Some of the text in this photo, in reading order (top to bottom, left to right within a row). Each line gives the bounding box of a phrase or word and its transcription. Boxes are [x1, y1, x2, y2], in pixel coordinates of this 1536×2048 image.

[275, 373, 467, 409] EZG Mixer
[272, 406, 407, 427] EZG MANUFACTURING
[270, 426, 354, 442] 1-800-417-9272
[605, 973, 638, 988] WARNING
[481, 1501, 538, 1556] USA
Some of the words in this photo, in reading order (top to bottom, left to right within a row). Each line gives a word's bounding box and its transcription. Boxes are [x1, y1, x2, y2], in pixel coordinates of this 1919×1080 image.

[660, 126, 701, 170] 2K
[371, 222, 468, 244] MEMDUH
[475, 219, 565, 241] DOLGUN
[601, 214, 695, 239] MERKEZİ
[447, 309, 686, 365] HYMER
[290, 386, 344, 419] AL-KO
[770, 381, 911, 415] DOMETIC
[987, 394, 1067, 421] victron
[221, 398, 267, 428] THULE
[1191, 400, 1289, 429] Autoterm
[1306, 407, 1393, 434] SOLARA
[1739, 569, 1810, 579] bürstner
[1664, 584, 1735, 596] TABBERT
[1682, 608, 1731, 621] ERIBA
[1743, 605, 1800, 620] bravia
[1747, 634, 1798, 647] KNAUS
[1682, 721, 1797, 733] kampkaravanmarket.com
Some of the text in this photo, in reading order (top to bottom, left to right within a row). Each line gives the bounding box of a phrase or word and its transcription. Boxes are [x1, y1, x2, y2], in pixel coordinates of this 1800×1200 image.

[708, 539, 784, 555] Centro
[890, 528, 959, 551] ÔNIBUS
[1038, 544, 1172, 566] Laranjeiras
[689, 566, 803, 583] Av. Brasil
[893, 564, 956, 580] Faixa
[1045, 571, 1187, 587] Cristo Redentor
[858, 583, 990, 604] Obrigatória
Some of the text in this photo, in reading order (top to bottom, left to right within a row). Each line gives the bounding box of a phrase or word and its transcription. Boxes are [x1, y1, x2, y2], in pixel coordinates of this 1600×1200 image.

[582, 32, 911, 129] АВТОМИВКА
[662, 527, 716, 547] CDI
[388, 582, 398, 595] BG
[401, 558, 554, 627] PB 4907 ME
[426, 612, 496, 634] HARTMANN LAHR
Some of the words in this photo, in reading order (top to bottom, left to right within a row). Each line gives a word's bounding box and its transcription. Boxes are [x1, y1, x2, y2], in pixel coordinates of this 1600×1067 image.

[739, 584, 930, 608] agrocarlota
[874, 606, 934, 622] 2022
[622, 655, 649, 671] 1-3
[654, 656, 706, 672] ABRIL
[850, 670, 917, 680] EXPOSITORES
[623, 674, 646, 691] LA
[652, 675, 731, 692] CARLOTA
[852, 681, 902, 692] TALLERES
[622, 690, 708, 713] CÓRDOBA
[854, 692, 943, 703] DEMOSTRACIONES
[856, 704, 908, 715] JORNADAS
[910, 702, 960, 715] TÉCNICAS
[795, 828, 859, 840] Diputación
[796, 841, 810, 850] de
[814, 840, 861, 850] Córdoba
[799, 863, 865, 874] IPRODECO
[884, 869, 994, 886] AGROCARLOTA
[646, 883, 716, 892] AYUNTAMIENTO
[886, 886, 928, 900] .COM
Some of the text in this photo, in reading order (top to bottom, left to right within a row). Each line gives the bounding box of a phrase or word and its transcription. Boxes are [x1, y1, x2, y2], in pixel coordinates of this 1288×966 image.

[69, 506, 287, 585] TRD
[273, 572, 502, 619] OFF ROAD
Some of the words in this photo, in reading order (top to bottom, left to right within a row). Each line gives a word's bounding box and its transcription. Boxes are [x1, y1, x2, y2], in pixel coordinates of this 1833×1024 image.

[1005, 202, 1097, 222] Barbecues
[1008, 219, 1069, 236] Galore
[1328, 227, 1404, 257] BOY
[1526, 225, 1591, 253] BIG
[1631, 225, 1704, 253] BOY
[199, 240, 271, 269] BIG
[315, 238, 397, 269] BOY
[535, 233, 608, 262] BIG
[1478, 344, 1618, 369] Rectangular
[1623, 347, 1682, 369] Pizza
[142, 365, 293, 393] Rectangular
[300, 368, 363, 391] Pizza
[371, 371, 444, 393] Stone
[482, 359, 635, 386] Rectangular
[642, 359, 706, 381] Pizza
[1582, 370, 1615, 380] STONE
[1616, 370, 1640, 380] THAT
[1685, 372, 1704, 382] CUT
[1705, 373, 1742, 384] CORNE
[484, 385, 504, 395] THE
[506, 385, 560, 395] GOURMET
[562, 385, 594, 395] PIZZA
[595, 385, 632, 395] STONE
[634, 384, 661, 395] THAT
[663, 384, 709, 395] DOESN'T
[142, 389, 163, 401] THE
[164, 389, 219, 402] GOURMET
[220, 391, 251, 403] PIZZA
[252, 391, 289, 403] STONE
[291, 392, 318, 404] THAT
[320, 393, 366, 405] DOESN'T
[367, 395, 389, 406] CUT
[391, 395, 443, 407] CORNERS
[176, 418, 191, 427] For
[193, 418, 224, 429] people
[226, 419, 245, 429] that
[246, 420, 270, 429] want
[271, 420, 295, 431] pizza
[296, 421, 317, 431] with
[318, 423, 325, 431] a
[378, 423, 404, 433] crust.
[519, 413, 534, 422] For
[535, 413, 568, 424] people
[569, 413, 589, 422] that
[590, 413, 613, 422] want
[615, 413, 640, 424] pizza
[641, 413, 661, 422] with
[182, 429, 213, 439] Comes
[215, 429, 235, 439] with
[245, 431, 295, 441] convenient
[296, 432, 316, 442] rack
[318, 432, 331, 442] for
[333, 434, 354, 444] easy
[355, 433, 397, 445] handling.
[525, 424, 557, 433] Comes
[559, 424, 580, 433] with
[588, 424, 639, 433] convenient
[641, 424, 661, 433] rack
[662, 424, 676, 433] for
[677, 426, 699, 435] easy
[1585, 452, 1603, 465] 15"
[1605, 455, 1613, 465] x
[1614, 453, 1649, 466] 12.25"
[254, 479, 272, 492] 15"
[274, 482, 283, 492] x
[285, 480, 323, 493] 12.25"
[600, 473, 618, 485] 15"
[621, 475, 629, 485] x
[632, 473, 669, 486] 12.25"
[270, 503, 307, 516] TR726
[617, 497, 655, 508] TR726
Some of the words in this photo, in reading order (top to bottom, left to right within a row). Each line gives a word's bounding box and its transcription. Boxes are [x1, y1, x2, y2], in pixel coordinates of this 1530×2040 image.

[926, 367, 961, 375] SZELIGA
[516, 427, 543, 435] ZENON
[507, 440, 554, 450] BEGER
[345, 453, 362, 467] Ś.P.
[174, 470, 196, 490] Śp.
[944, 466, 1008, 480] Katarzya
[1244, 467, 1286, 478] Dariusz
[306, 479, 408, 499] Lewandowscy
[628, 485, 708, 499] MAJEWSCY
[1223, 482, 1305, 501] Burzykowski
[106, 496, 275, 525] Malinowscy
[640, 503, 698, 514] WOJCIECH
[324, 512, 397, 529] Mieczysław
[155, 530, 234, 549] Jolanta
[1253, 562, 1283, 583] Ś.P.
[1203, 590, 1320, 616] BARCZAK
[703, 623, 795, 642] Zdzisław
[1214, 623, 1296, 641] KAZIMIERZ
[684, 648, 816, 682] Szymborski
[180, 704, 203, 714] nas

══════════════════════════════

**Problem to solve:** All of the entries above must be transcribed exactly.

**Result of this task:**
Some of the text in this photo, in reading order (top to bottom, left to right within a row). Each line gives the bounding box of a phrase or word and its transcription. Boxes are [x1, y1, x2, y2], in pixel coordinates of this 1536×2048 image.

[275, 373, 467, 409] EZG Mixer
[272, 406, 407, 427] EZG MANUFACTURING
[270, 426, 354, 442] 1-800-417-9272
[605, 973, 638, 988] WARNING
[481, 1501, 538, 1556] USA
Some of the words in this photo, in reading order (top to bottom, left to right within a row). Each line gives a word's bounding box and its transcription. Boxes are [x1, y1, x2, y2], in pixel coordinates of this 1919×1080 image.

[660, 126, 701, 170] 2K
[371, 222, 468, 244] MEMDUH
[475, 219, 565, 241] DOLGUN
[601, 214, 695, 239] MERKEZİ
[447, 309, 686, 365] HYMER
[290, 386, 344, 419] AL-KO
[770, 381, 911, 415] DOMETIC
[987, 394, 1067, 421] victron
[221, 398, 267, 428] THULE
[1191, 400, 1289, 429] Autoterm
[1306, 407, 1393, 434] SOLARA
[1739, 569, 1810, 579] bürstner
[1664, 584, 1735, 596] TABBERT
[1682, 608, 1731, 621] ERIBA
[1743, 605, 1800, 620] bravia
[1747, 634, 1798, 647] KNAUS
[1682, 721, 1797, 733] kampkaravanmarket.com
Some of the text in this photo, in reading order (top to bottom, left to right within a row). Each line gives the bounding box of a phrase or word and its transcription. Boxes are [x1, y1, x2, y2], in pixel coordinates of this 1800×1200 image.

[708, 539, 784, 555] Centro
[890, 528, 959, 551] ÔNIBUS
[1038, 544, 1172, 566] Laranjeiras
[689, 566, 803, 583] Av. Brasil
[893, 564, 956, 580] Faixa
[1045, 571, 1187, 587] Cristo Redentor
[858, 583, 990, 604] Obrigatória
Some of the text in this photo, in reading order (top to bottom, left to right within a row). Each line gives the bounding box of a phrase or word and its transcription. Boxes are [x1, y1, x2, y2], in pixel coordinates of this 1600×1200 image.

[582, 32, 911, 129] АВТОМИВКА
[662, 527, 716, 547] CDI
[388, 582, 398, 595] BG
[401, 558, 554, 627] PB 4907 ME
[426, 612, 496, 634] HARTMANN LAHR
Some of the words in this photo, in reading order (top to bottom, left to right within a row). Each line gives a word's bounding box and its transcription. Boxes are [x1, y1, x2, y2], in pixel coordinates of this 1600×1067 image.

[739, 584, 930, 608] agrocarlota
[874, 606, 934, 622] 2022
[622, 655, 649, 671] 1-3
[654, 656, 706, 672] ABRIL
[850, 670, 917, 680] EXPOSITORES
[623, 674, 646, 691] LA
[652, 675, 731, 692] CARLOTA
[852, 681, 902, 692] TALLERES
[622, 690, 708, 713] CÓRDOBA
[854, 692, 943, 703] DEMOSTRACIONES
[856, 704, 908, 715] JORNADAS
[910, 702, 960, 715] TÉCNICAS
[795, 828, 859, 840] Diputación
[796, 841, 810, 850] de
[814, 840, 861, 850] Córdoba
[799, 863, 865, 874] IPRODECO
[884, 869, 994, 886] AGROCARLOTA
[646, 883, 716, 892] AYUNTAMIENTO
[886, 886, 928, 900] .COM
Some of the text in this photo, in reading order (top to bottom, left to right within a row). Each line gives the bounding box of a phrase or word and its transcription. Boxes are [x1, y1, x2, y2], in pixel coordinates of this 1288×966 image.

[69, 506, 287, 585] TRD
[273, 572, 502, 619] OFF ROAD
Some of the words in this photo, in reading order (top to bottom, left to right within a row). Each line gives a word's bounding box and its transcription. Boxes are [x1, y1, x2, y2], in pixel coordinates of this 1833×1024 image.

[1005, 202, 1097, 222] Barbecues
[1008, 219, 1069, 236] Galore
[1328, 227, 1404, 257] BOY
[1526, 225, 1591, 253] BIG
[1631, 225, 1704, 253] BOY
[199, 240, 271, 269] BIG
[315, 238, 397, 269] BOY
[535, 233, 608, 262] BIG
[1478, 344, 1618, 369] Rectangular
[1623, 347, 1682, 369] Pizza
[142, 365, 293, 393] Rectangular
[300, 368, 363, 391] Pizza
[371, 371, 444, 393] Stone
[482, 359, 635, 386] Rectangular
[642, 359, 706, 381] Pizza
[1582, 370, 1615, 380] STONE
[1616, 370, 1640, 380] THAT
[1685, 372, 1704, 382] CUT
[1705, 373, 1742, 384] CORNE
[484, 385, 504, 395] THE
[506, 385, 560, 395] GOURMET
[562, 385, 594, 395] PIZZA
[595, 385, 632, 395] STONE
[634, 384, 661, 395] THAT
[663, 384, 709, 395] DOESN'T
[142, 389, 163, 401] THE
[164, 389, 219, 402] GOURMET
[220, 391, 251, 403] PIZZA
[252, 391, 289, 403] STONE
[291, 392, 318, 404] THAT
[320, 393, 366, 405] DOESN'T
[367, 395, 389, 406] CUT
[391, 395, 443, 407] CORNERS
[176, 418, 191, 427] For
[193, 418, 224, 429] people
[226, 419, 245, 429] that
[246, 420, 270, 429] want
[271, 420, 295, 431] pizza
[296, 421, 317, 431] with
[318, 423, 325, 431] a
[378, 423, 404, 433] crust.
[519, 413, 534, 422] For
[535, 413, 568, 424] people
[569, 413, 589, 422] that
[590, 413, 613, 422] want
[615, 413, 640, 424] pizza
[641, 413, 661, 422] with
[182, 429, 213, 439] Comes
[215, 429, 235, 439] with
[245, 431, 295, 441] convenient
[296, 432, 316, 442] rack
[318, 432, 331, 442] for
[333, 434, 354, 444] easy
[355, 433, 397, 445] handling.
[525, 424, 557, 433] Comes
[559, 424, 580, 433] with
[588, 424, 639, 433] convenient
[641, 424, 661, 433] rack
[662, 424, 676, 433] for
[677, 426, 699, 435] easy
[1585, 452, 1603, 465] 15"
[1605, 455, 1613, 465] x
[1614, 453, 1649, 466] 12.25"
[254, 479, 272, 492] 15"
[274, 482, 283, 492] x
[285, 480, 323, 493] 12.25"
[600, 473, 618, 485] 15"
[621, 475, 629, 485] x
[632, 473, 669, 486] 12.25"
[270, 503, 307, 516] TR726
[617, 497, 655, 508] TR726
Some of the words in this photo, in reading order (top to bottom, left to right within a row). Each line gives a word's bounding box and its transcription. Boxes are [x1, y1, x2, y2], in pixel coordinates of this 1530×2040 image.

[926, 367, 961, 375] SZELIGA
[516, 427, 543, 435] ZENON
[507, 440, 554, 450] BEGER
[345, 453, 362, 467] Ś.P.
[174, 470, 196, 490] Śp.
[944, 466, 1008, 480] Katarzya
[1244, 467, 1286, 478] Dariusz
[306, 479, 408, 499] Lewandowscy
[628, 485, 708, 499] MAJEWSCY
[1223, 482, 1305, 501] Burzykowski
[106, 496, 275, 525] Malinowscy
[640, 503, 698, 514] WOJCIECH
[324, 512, 397, 529] Mieczysław
[155, 530, 234, 549] Jolanta
[1253, 562, 1283, 583] Ś.P.
[1203, 590, 1320, 616] BARCZAK
[703, 623, 795, 642] Zdzisław
[1214, 623, 1296, 641] KAZIMIERZ
[684, 648, 816, 682] Szymborski
[180, 704, 203, 714] nas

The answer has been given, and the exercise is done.